On the far side of the area, Caelum sat. A group of crocodilian-like creatures bathed in the small ray of sunlight hitting their bank. They were heavily armoured, not with scales but with hexagonal bone plates, their colour a murky grey-greenish for blending into their environment. Watching the group, he noticed a few in the water staring at him too; they were either thinking he was lunch or just wary. It seemed like they were keeping to themselves from now on, but he would have to be more careful when approaching the water's edge.

Feeling happy with what he had been able to document, Caelum made his way back along the roots to the hollow. He knew that he didn't have much time left to awaken, but didn't want to think too much about it, afraid that worrying too much might prevent him from doing something that would actually awaken him. The sun was now a bit past the afternoon, and the walking, documenting, and sampling had taken a fair amount of time. Grumbling noises came from his stomach, reminding him that he had not eaten yet today.

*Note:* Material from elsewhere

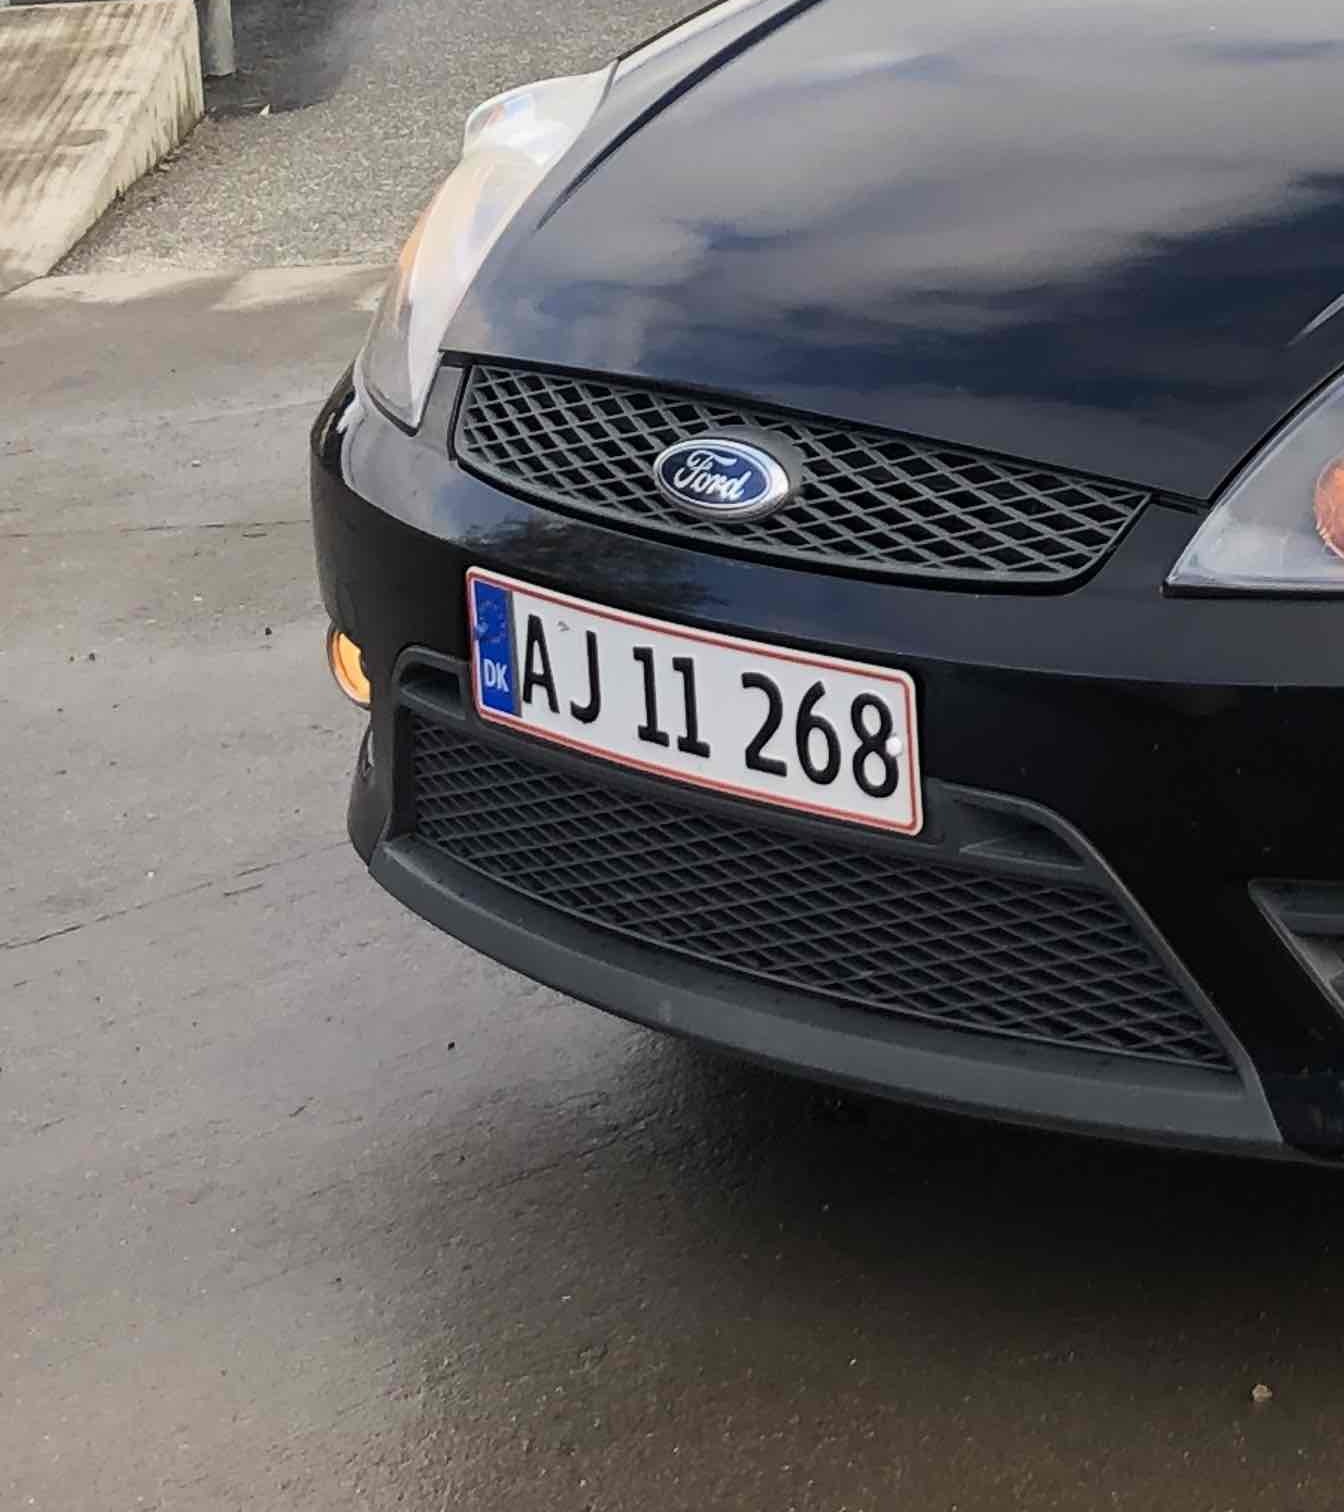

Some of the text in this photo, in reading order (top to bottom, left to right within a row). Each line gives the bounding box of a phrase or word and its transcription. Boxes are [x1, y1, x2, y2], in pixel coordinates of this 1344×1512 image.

[672, 451, 747, 503] Ford
[483, 658, 510, 693] DK
[522, 613, 900, 799] AJ 11 268

Setting the samples down in the hollow, Caelum made his way back to where he had spear fished the prior day. He felt like this had become a familiar rhythm: fishing, exploring the rift, securing the shelter, and repeating when he arrived at the fishing spot.

The area felt wrong. The insects that swarmed here yesterday had vanished, and the water's surface stretched unnaturally flat. Caelum froze mid-step, pulse hammering as his eyes darted between the reeds and the pitch-black voids between mangrove roots. When he shifted his weight, his stomach dropped: a massive drag-mark carved through his old footprints, still glistening wet. His knuckles whitened around the spear as he held his breath, muscles coiled tight as steel cables, waiting for the violent splash that hung suspended in the terrible silence.

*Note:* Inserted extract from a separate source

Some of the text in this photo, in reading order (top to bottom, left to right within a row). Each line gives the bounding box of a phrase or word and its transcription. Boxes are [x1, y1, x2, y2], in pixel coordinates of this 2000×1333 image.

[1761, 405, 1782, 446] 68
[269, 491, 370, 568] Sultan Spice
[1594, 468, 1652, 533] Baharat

The Reed-Stalker? The Crocodillians? Caelum thought. His eyes scanned every inch around, from the roots above to the still waters below. A surge came from the reeds—not left, not right, but dead ahead. The spear almost leapt from Caelum's hands, half instinct and half memory of his instructor's voice: "Always be ready for the third thing." Two bunched legs, slick and bicoloured, launched a beast the size of a large dog directly at his chest. It hit with a snap, clinging to his shirt.

The thing's skin was slick and pebbled, a cross between a salamander and a komodo, and it reeked of ammonia. The sharp part wasn't the teeth—though the rows inside its lamprey mouth promised violence—but the entire body, wired up with organelles flickering like a high-voltage transformer. It pulsed under his hands, electricity crawling up his arms, but he managed to wrench it clear and toss it down the bank. It landed and tensed, tail twitching. Caelum thought it would run with its failed ambush. Instead, it turned, eyes locking with his, and unfurled a set of bright blue gills.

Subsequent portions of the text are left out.